Objective: Differentiation between inflammatory myositis and genetic muscle disease is important and challenging. cases are presented to highlight the clinical and laboratory features that help with distinguishing between inflammatory myositis and genetic muscle disease.

Methods: clinical features including age at onset, pattern of muscle weakness,  laboratory data including muscle biopsies, myositis-specific-autoantibodies and gene mutations are reported in eight cases.

Results: Six of patients were initially diagnosed as inflammatory myositis based on clinical manifestation and inflammation on muscle biopsy,  and received steroids therapy for a short period of time until their gene mutations were identified(1 TK2, 5LMNA). Two patients were initially diagnosed as metabolic myopathy and muscular dystrophy respectively according to slowly progressive course, and finally they were diagnosed as inflammatory myositis(1 dermatomyositis, 1 anti-SRP autoimmue myopathy), and  all respond to immunosuppressive therapy.

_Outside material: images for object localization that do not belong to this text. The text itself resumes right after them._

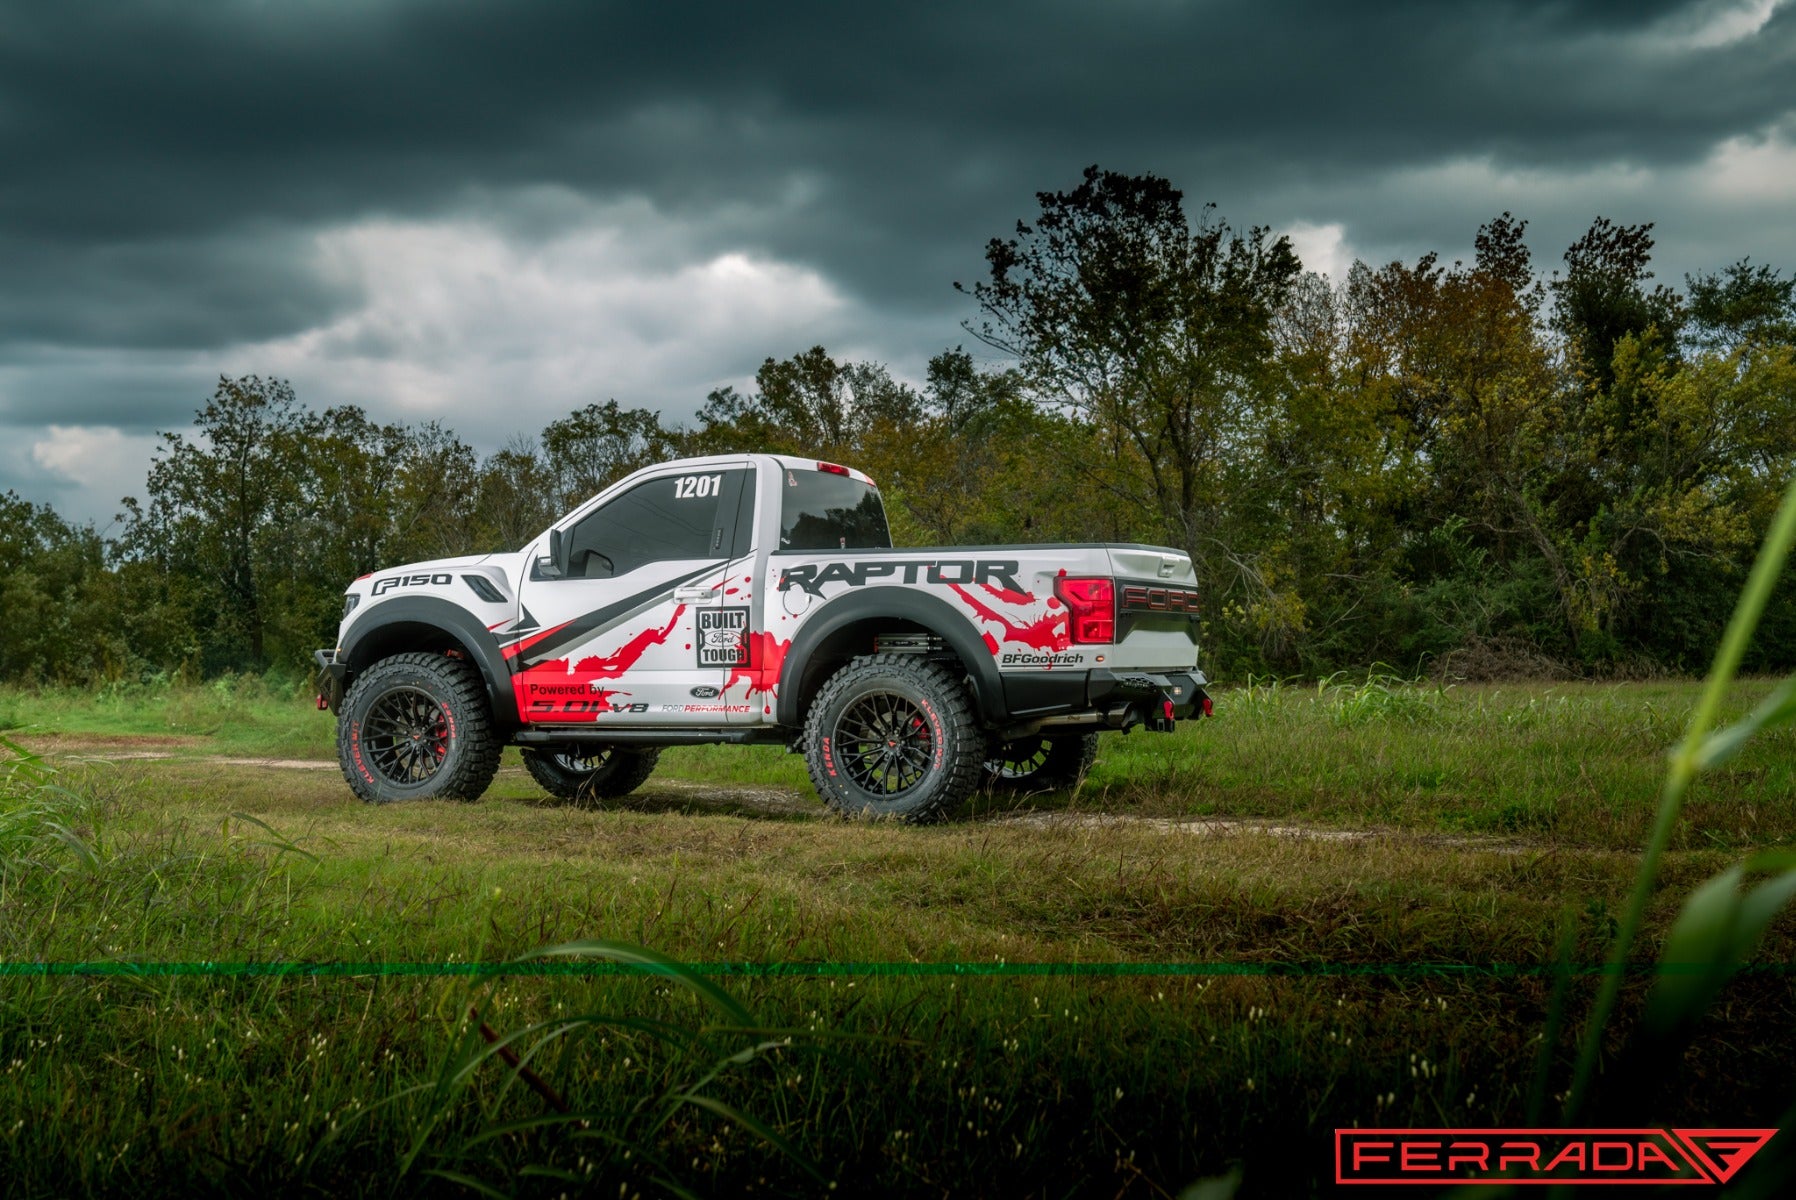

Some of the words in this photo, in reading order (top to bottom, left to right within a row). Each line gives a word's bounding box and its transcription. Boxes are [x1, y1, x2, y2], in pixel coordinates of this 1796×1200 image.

[674, 474, 722, 499] 1201
[371, 573, 453, 597] F150
[779, 560, 1028, 601] RAPTOR
[1121, 585, 1200, 613] FORD
[701, 612, 745, 630] BUILT
[711, 632, 735, 644] Ford
[703, 648, 745, 662] TOUGH
[1002, 653, 1084, 664] BFGoodrich
[530, 684, 585, 696] Powered
[589, 683, 605, 699] by
[695, 688, 714, 697] Ford
[921, 699, 943, 746] KLEVER
[822, 737, 837, 777] KENDA
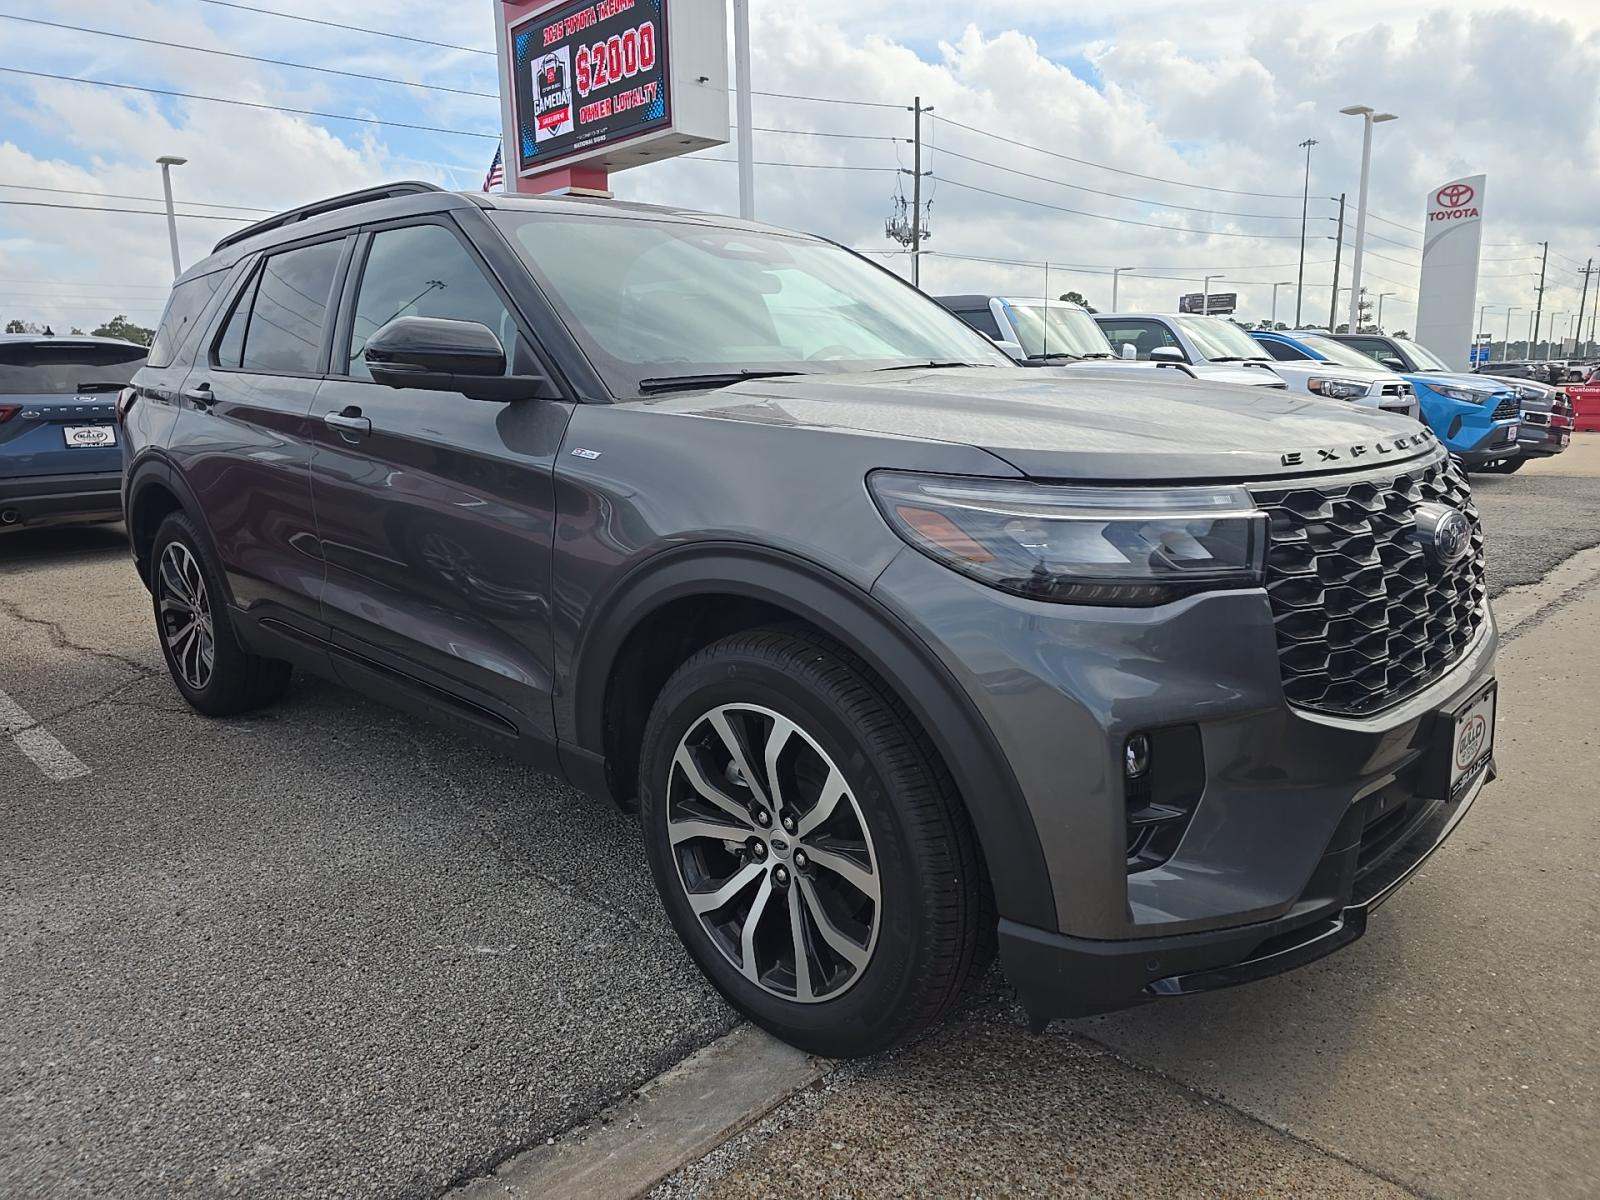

Conclusions: Genetic muscle disease may accompanied with inflammatory phenomenon on muscle specimen and some inflammatory myopathies may progress slowly mimic hereditary muscle disease. Patients diagnosed with inflammatory myopathies should be carefully reevaluated when fail to respond to immunosuppressive therapy. Immunohisochemical staining of MHC-I and detection of  myositis-specific-autoantibodies help a lot in the identification of inflammatory myopathies.